I am still in very in touch with FMCG, or at least I feel so, with all the numerous products piled up on the floor. & another interesting aspect is that I will be in charge of fine fragrance as well. Sniff sniff, the perk is that we will get to know & wear the latest fragrance or simply channel n.5. 

It seems like the bulk of my job is to present & convince ppl to take up our products. What goes behind those 15min presentations is at least 1 week of rehearsals & 1 month of presentation, I foresee that happening for my first presentation, definitely. Will just keep fingers crossed.

Anyway, I nvr thought that I cant stick it out with KAO for at least 2-3 years. LOL. I am driven mad by the hours & the ... STUFF. Standees? Gondolas? Size of Carpet? Height of Poster Stand? Driven dammm mad & felt like the stupid things that doesn't cause any life or death made my life very miserable indeed. 

Wearing the pros & cons, I decided that to take a break. Altho, I means I only lasted one year there. Too bad for me. My health and mental soundness can only take so much. I think I was mentally and physically fatigued that's why I keep making the same mistakes again. (and also, becoz  to a certain extent, one month the same thing is OK, approved. & the next month, the same thing is NOT ok, anymore). 

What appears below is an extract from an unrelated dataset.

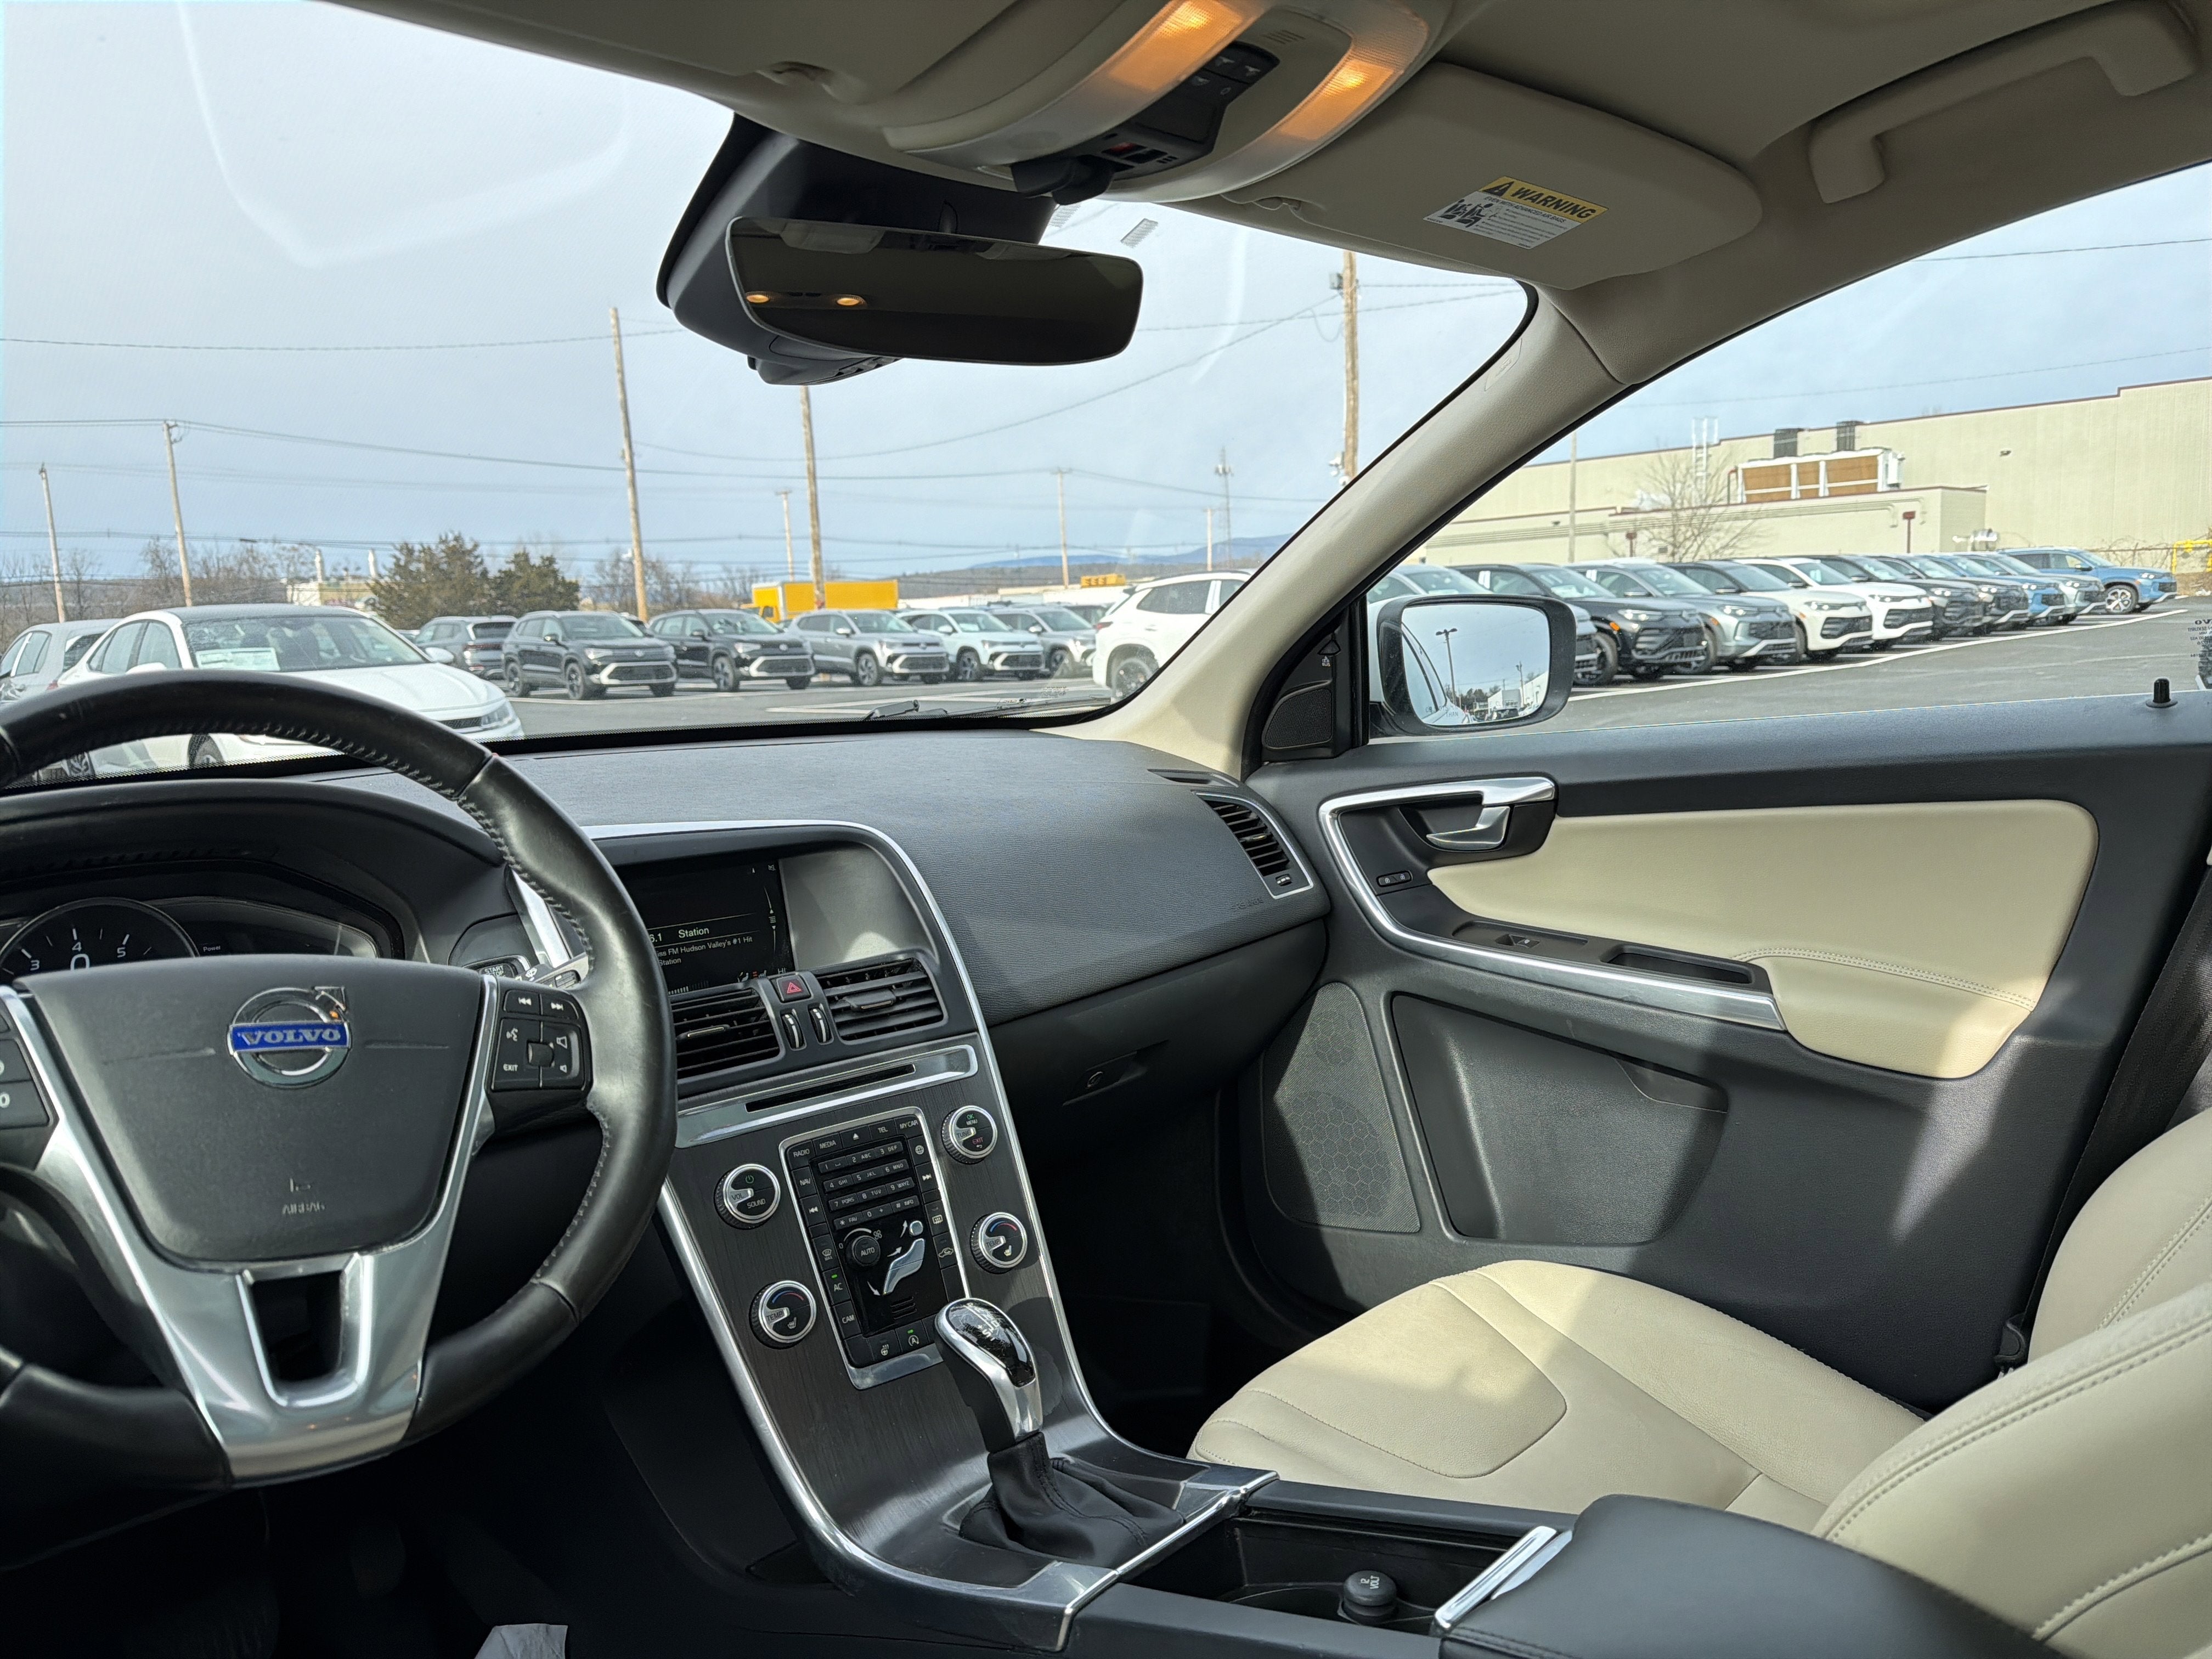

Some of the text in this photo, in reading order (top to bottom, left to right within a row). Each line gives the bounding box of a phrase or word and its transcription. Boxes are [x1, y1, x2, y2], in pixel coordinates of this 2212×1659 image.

So I just arrived at a conclusion. at THE conclusion>> I dont care. Dont care enough to stay there. I want to leave. 

I want to leave to go EUROPE. BUT ALAS, my promotional departure date does not have enough headcount. SO NOW, I HAD NO EUROPE to go to >,<. To think I also announced that I am counting down to Europe. My disappointment is so tremendous that I can feel my heart sinking with punctured disappointment.